Hinweise zu den Einstellungen

  • Autorisierung erforderlich, bevor jemand Sie zu seiner Kontaktliste hinzufügen kann: Wählen Sie diese Einstellung, wenn Sie wünschen, dass Sie gefragt werden bevor jemand Sie zu seiner Kontaktliste hinzufügen kann. Normalerweise kann jeder Sie suchen und zu seiner Kontaktliste hinzufügen. Das bedeutet, dass jeder Fremde, den Sie nicht kennen, Ihren Onlinestatus sehen und Ihnen Nachrichten senden kann. Wenn Sie dies nicht wünschen, wählen Sie diese Einstellung aus und Sie werden jedes Mal nach Ihrer Zustimmung gefragt, bevor jemand Sie zu seiner Kontaktliste hinzufügen kann.

  • IP-Adresse ausblenden: Wenn Sie möchten, dass andere Ihre IP sehen können, wählen Sie diese Einstellung. Die IP-Adresse ist eine Nummer, mit der Sie im Internet identifiziert werden können. Diese Nummer ist eindeutig. Normale Internetnutzer können Ihren Namen nicht aus der IP-Adresse ablesen. Nur Provider können dies. Ohnehin speichert ICQ Ihre IP-Adresse für eine Weile.
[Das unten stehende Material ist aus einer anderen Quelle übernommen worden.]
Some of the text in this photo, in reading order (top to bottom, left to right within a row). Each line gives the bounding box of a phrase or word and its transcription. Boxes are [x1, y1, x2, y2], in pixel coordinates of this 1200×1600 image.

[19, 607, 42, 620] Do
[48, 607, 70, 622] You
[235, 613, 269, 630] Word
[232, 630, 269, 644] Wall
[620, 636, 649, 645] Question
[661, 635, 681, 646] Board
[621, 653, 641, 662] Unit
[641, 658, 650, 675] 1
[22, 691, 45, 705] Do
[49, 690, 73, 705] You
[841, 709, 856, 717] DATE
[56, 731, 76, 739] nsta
Daher ist es nicht unbedingt ein Schutz der Privatsphäre, diese Einstellung nicht zu wählen.

  • Den eigenen Status über das ICQ-Unified-Messaging-Center zugänglich machen: Wenn Sie diese Einstellung gewählt haben, wird Ihr Status öffentlich im Messaging-Center sichtbar (für jeden auf www.icq.com/people).
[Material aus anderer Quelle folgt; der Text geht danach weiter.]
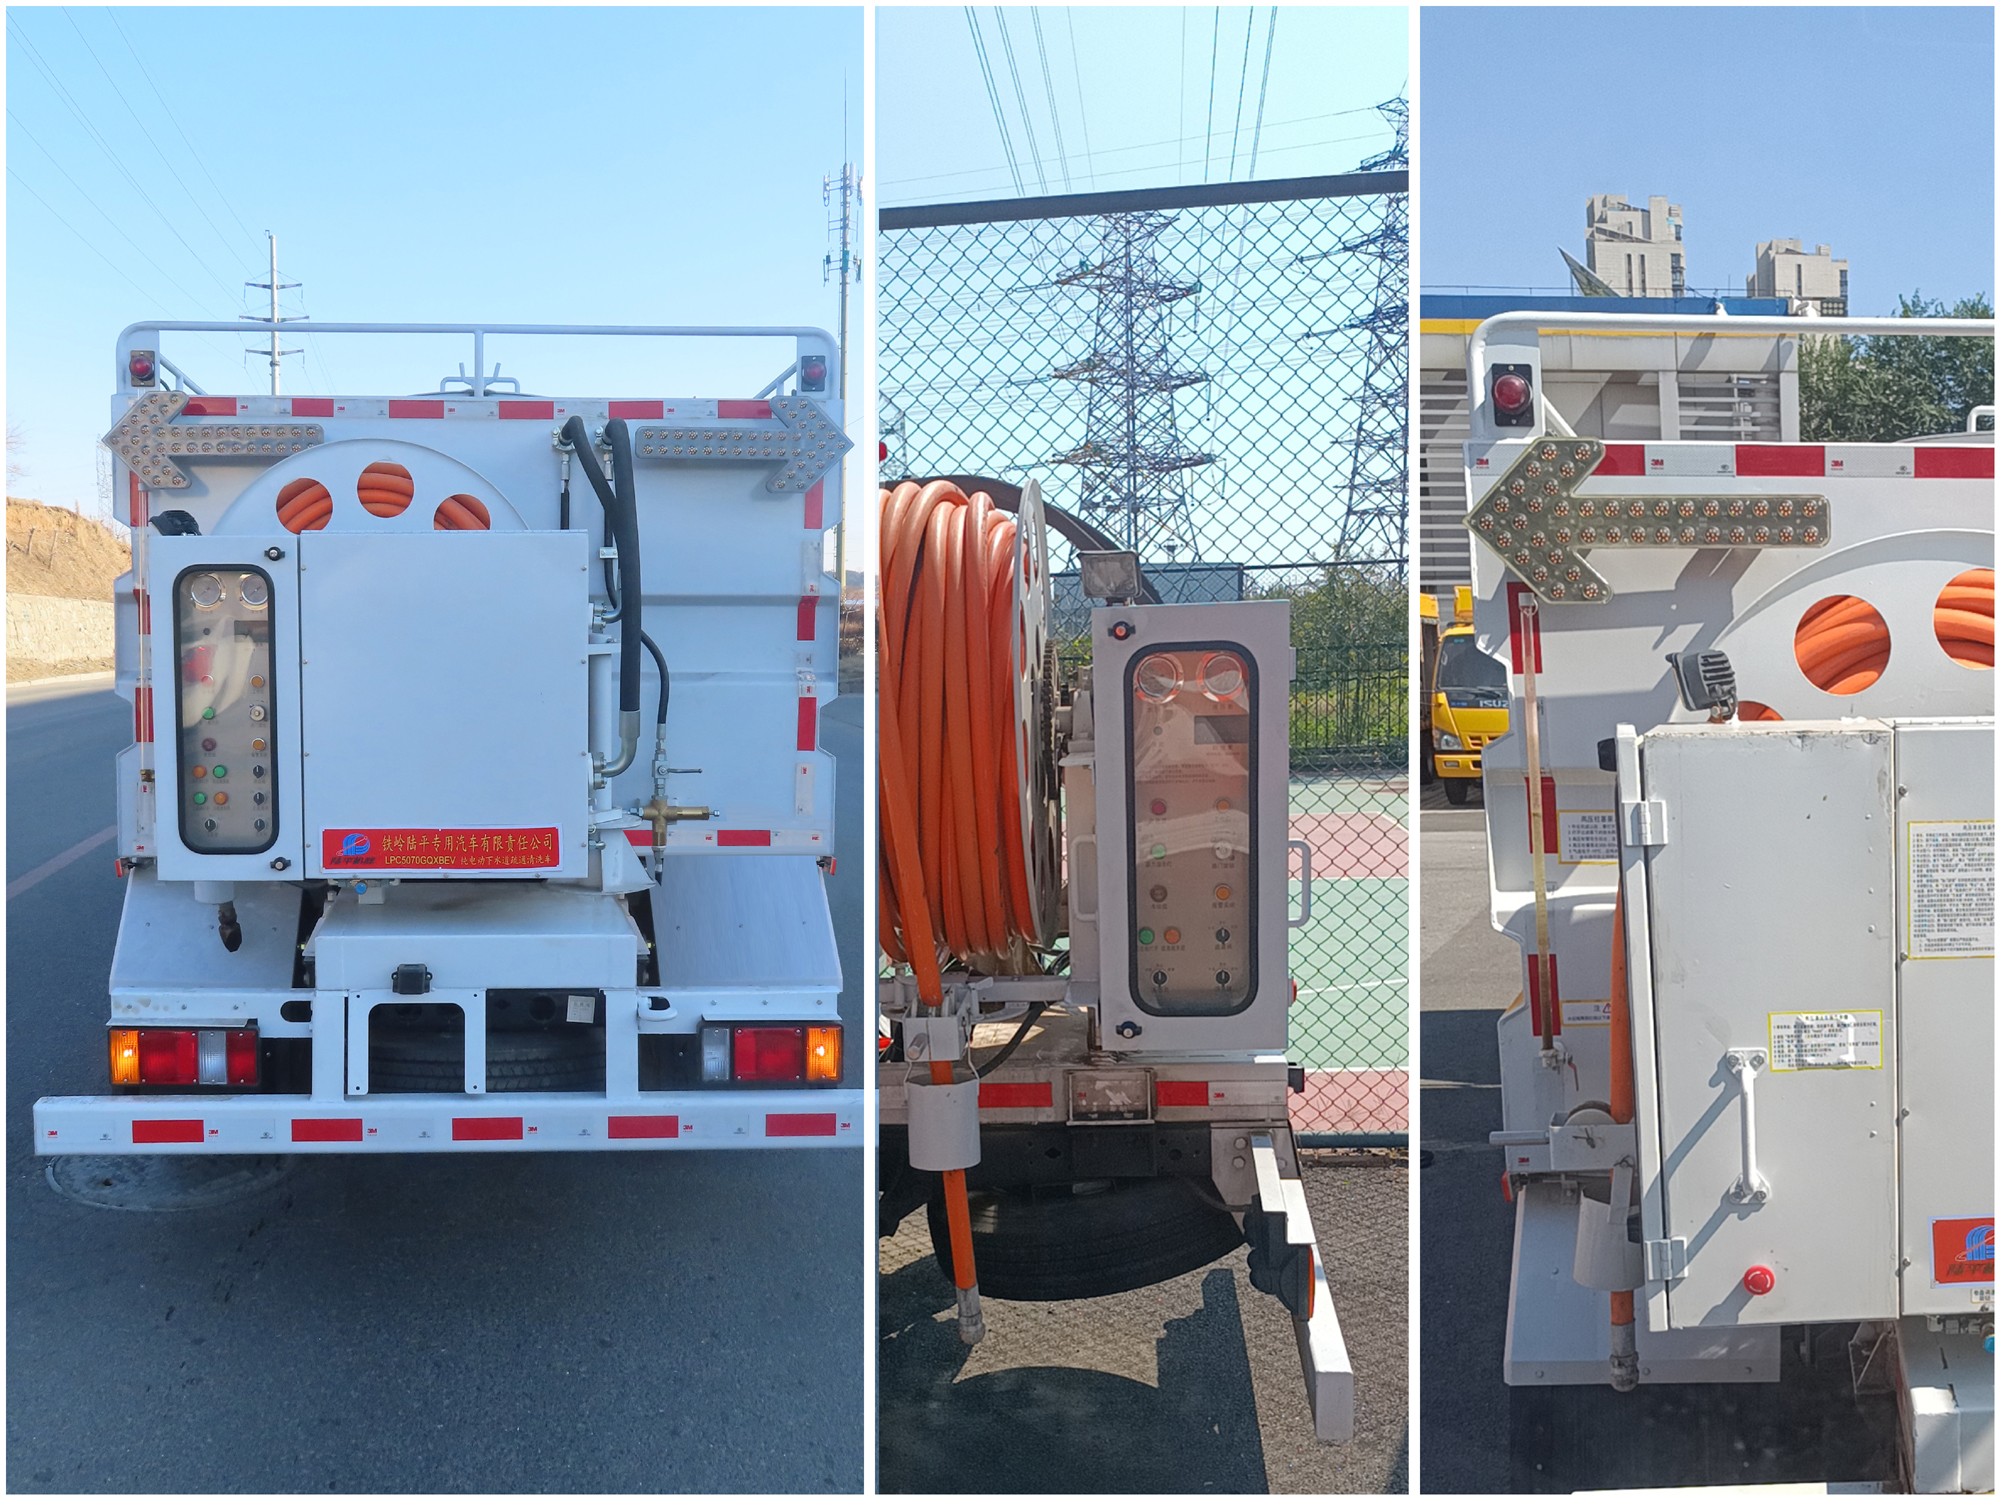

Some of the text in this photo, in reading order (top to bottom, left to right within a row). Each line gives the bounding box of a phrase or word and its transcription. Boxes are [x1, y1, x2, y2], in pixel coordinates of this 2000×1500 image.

  • Standardserverinformationen übergehen: Möchten Sie die Adresse ändern, die Kopete standardmäßig nutzt, um sich in das ICQ-Netzwerk einzuwählen, können Sie dies hier tun (in der Regel benötigen Sie diese Einstellung nicht).
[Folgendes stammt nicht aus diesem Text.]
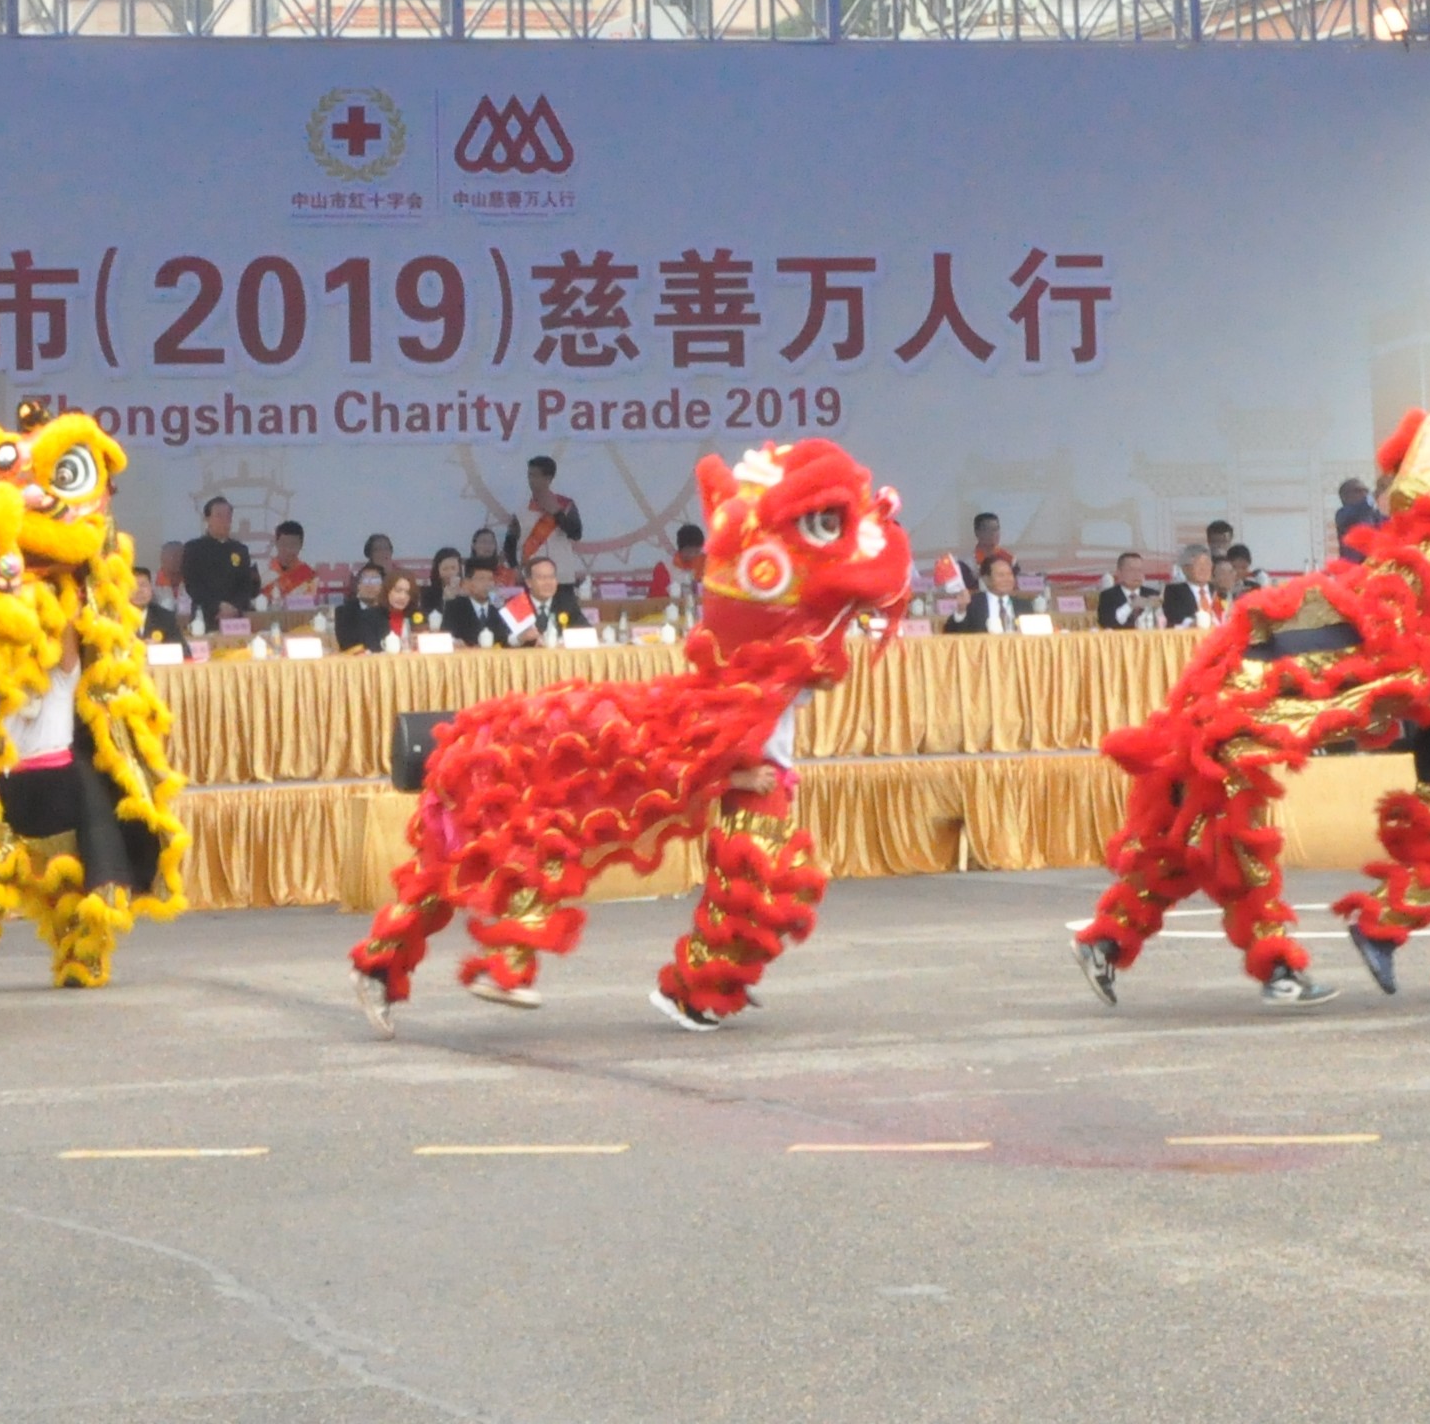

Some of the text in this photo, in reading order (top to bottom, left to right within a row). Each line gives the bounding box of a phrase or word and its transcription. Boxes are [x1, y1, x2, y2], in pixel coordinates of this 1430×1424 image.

  • Proxy aktivieren: Über einen Proxyserver. Proxyserver sind Server, die Anfragen weiterleiten. Einige Firmen, Schulen und Universitäten nutzen solche Server, um den Zugriff auf einige Webseiten zu unterbinden. Benutzer daheim benötigen diese Einstellung normalerweise nicht.

  • Port-Bereich: Diese Einstellung legt fest, welche Ports Kopete für Peer-to-Peer-Verbindunen verwenden soll. Weitere Erläuterungen über die Funktionsweise von Ports führt hier zu weit. Wollen Sie mehr erfahren, sei auf den Wikipedia-Artikel verwiesen. In der Regel sollten Sie mit den Standardeinstellungen keine Probleme haben.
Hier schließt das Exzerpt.